Aim of the exercise: The full set of entries below needs to be written out exactly.

(Referring expression grounding data)
◇ ◇ ◇ ◇ ◇
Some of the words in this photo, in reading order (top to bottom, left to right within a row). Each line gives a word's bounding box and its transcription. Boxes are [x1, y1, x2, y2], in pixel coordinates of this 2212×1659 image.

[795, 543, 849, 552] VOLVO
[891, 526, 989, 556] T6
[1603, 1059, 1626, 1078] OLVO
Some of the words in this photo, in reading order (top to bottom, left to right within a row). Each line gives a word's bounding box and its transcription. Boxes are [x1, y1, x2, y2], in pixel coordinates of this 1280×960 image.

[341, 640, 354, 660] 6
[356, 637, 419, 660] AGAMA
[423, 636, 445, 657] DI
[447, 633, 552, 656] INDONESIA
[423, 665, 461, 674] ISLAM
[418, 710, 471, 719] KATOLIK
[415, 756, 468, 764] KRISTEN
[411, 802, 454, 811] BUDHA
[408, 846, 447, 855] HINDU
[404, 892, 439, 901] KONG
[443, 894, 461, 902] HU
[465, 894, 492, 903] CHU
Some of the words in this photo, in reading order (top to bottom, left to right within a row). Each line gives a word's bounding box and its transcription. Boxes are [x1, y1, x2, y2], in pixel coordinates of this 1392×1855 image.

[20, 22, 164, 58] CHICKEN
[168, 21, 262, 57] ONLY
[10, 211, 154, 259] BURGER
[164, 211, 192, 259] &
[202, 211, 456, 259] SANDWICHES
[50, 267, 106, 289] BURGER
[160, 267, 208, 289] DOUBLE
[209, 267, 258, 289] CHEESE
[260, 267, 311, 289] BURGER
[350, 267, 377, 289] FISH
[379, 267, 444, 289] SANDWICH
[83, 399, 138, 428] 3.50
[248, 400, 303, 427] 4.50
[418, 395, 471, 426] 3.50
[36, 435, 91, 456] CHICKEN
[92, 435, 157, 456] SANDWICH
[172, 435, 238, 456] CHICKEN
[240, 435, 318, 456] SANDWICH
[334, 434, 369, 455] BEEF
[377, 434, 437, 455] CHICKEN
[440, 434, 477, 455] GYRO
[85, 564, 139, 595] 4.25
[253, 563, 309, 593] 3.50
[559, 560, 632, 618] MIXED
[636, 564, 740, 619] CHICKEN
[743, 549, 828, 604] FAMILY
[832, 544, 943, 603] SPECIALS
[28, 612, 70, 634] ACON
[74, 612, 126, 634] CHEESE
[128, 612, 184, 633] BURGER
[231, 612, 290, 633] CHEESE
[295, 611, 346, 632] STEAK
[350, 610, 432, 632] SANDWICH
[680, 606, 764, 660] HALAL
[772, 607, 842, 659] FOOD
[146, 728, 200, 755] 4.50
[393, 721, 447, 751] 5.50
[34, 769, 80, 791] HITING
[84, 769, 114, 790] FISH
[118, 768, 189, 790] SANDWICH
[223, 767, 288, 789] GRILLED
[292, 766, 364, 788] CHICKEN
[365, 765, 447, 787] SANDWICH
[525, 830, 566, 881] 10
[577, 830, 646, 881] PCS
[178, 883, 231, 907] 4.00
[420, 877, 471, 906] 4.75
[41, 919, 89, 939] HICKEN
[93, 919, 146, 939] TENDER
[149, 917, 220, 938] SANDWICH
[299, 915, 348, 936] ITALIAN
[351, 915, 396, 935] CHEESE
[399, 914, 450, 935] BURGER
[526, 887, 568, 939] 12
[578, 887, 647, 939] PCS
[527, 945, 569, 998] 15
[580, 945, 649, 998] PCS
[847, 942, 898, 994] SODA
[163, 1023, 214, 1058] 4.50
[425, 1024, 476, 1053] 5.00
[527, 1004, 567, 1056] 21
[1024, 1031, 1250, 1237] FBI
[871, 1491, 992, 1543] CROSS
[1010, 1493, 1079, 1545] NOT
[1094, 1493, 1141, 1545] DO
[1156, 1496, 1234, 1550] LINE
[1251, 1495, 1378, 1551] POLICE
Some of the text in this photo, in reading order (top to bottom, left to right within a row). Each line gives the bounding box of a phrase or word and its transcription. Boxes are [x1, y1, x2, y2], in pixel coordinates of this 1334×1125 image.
◇ ◇ ◇ ◇ ◇
Completed task:
Some of the words in this photo, in reading order (top to bottom, left to right within a row). Each line gives a word's bounding box and its transcription. Boxes are [x1, y1, x2, y2], in pixel coordinates of this 2212×1659 image.

[795, 543, 849, 552] VOLVO
[891, 526, 989, 556] T6
[1603, 1059, 1626, 1078] OLVO
Some of the words in this photo, in reading order (top to bottom, left to right within a row). Each line gives a word's bounding box and its transcription. Boxes are [x1, y1, x2, y2], in pixel coordinates of this 1280×960 image.

[341, 640, 354, 660] 6
[356, 637, 419, 660] AGAMA
[423, 636, 445, 657] DI
[447, 633, 552, 656] INDONESIA
[423, 665, 461, 674] ISLAM
[418, 710, 471, 719] KATOLIK
[415, 756, 468, 764] KRISTEN
[411, 802, 454, 811] BUDHA
[408, 846, 447, 855] HINDU
[404, 892, 439, 901] KONG
[443, 894, 461, 902] HU
[465, 894, 492, 903] CHU
Some of the words in this photo, in reading order (top to bottom, left to right within a row). Each line gives a word's bounding box and its transcription. Boxes are [x1, y1, x2, y2], in pixel coordinates of this 1392×1855 image.

[20, 22, 164, 58] CHICKEN
[168, 21, 262, 57] ONLY
[10, 211, 154, 259] BURGER
[164, 211, 192, 259] &
[202, 211, 456, 259] SANDWICHES
[50, 267, 106, 289] BURGER
[160, 267, 208, 289] DOUBLE
[209, 267, 258, 289] CHEESE
[260, 267, 311, 289] BURGER
[350, 267, 377, 289] FISH
[379, 267, 444, 289] SANDWICH
[83, 399, 138, 428] 3.50
[248, 400, 303, 427] 4.50
[418, 395, 471, 426] 3.50
[36, 435, 91, 456] CHICKEN
[92, 435, 157, 456] SANDWICH
[172, 435, 238, 456] CHICKEN
[240, 435, 318, 456] SANDWICH
[334, 434, 369, 455] BEEF
[377, 434, 437, 455] CHICKEN
[440, 434, 477, 455] GYRO
[85, 564, 139, 595] 4.25
[253, 563, 309, 593] 3.50
[559, 560, 632, 618] MIXED
[636, 564, 740, 619] CHICKEN
[743, 549, 828, 604] FAMILY
[832, 544, 943, 603] SPECIALS
[28, 612, 70, 634] ACON
[74, 612, 126, 634] CHEESE
[128, 612, 184, 633] BURGER
[231, 612, 290, 633] CHEESE
[295, 611, 346, 632] STEAK
[350, 610, 432, 632] SANDWICH
[680, 606, 764, 660] HALAL
[772, 607, 842, 659] FOOD
[146, 728, 200, 755] 4.50
[393, 721, 447, 751] 5.50
[34, 769, 80, 791] HITING
[84, 769, 114, 790] FISH
[118, 768, 189, 790] SANDWICH
[223, 767, 288, 789] GRILLED
[292, 766, 364, 788] CHICKEN
[365, 765, 447, 787] SANDWICH
[525, 830, 566, 881] 10
[577, 830, 646, 881] PCS
[178, 883, 231, 907] 4.00
[420, 877, 471, 906] 4.75
[41, 919, 89, 939] HICKEN
[93, 919, 146, 939] TENDER
[149, 917, 220, 938] SANDWICH
[299, 915, 348, 936] ITALIAN
[351, 915, 396, 935] CHEESE
[399, 914, 450, 935] BURGER
[526, 887, 568, 939] 12
[578, 887, 647, 939] PCS
[527, 945, 569, 998] 15
[580, 945, 649, 998] PCS
[847, 942, 898, 994] SODA
[163, 1023, 214, 1058] 4.50
[425, 1024, 476, 1053] 5.00
[527, 1004, 567, 1056] 21
[1024, 1031, 1250, 1237] FBI
[871, 1491, 992, 1543] CROSS
[1010, 1493, 1079, 1545] NOT
[1094, 1493, 1141, 1545] DO
[1156, 1496, 1234, 1550] LINE
[1251, 1495, 1378, 1551] POLICE
Some of the text in this photo, in reading order (top to bottom, left to right within a row). Each line gives the bounding box of a phrase or word and its transcription. Boxes are [x1, y1, x2, y2], in pixel coordinates of this 1334×1125 image.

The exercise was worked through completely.